Directions ▸ Every line from the one that contains "this 2040×861 image." to the end of the material below should be output exactly, with both ends included and nothing else.

---------- Records for the task

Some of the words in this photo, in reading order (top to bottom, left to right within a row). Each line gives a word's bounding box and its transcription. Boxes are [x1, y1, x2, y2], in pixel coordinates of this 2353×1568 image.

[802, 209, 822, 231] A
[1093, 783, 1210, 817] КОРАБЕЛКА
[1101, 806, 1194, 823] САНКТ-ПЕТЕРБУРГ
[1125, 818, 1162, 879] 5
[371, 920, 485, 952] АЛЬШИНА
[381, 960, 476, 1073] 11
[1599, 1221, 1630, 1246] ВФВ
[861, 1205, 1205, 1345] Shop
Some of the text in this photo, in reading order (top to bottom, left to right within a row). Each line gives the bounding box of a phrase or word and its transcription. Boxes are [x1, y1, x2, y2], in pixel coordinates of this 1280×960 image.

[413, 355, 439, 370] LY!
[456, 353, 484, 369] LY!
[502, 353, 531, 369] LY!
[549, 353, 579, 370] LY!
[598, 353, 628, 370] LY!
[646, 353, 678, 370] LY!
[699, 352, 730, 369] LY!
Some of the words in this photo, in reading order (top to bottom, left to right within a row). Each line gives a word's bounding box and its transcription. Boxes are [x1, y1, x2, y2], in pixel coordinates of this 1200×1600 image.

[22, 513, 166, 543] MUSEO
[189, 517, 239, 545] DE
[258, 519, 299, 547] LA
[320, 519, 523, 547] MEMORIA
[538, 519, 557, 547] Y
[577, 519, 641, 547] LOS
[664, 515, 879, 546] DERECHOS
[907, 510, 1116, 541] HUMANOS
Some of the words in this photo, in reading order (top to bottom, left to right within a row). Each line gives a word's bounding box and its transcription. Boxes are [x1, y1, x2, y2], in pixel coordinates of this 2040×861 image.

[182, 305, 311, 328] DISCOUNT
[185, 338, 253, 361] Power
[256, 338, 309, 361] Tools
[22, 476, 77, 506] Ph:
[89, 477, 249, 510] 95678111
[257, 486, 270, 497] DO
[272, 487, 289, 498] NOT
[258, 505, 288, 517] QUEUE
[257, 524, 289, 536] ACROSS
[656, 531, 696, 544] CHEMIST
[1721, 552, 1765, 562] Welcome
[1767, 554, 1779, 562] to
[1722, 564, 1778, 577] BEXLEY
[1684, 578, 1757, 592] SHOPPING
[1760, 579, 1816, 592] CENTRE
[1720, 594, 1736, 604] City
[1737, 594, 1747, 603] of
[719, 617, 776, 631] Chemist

--------------------

Response box ▸
Some of the words in this photo, in reading order (top to bottom, left to right within a row). Each line gives a word's bounding box and its transcription. Boxes are [x1, y1, x2, y2], in pixel coordinates of this 2040×861 image.

[182, 305, 311, 328] DISCOUNT
[185, 338, 253, 361] Power
[256, 338, 309, 361] Tools
[22, 476, 77, 506] Ph:
[89, 477, 249, 510] 95678111
[257, 486, 270, 497] DO
[272, 487, 289, 498] NOT
[258, 505, 288, 517] QUEUE
[257, 524, 289, 536] ACROSS
[656, 531, 696, 544] CHEMIST
[1721, 552, 1765, 562] Welcome
[1767, 554, 1779, 562] to
[1722, 564, 1778, 577] BEXLEY
[1684, 578, 1757, 592] SHOPPING
[1760, 579, 1816, 592] CENTRE
[1720, 594, 1736, 604] City
[1737, 594, 1747, 603] of
[719, 617, 776, 631] Chemist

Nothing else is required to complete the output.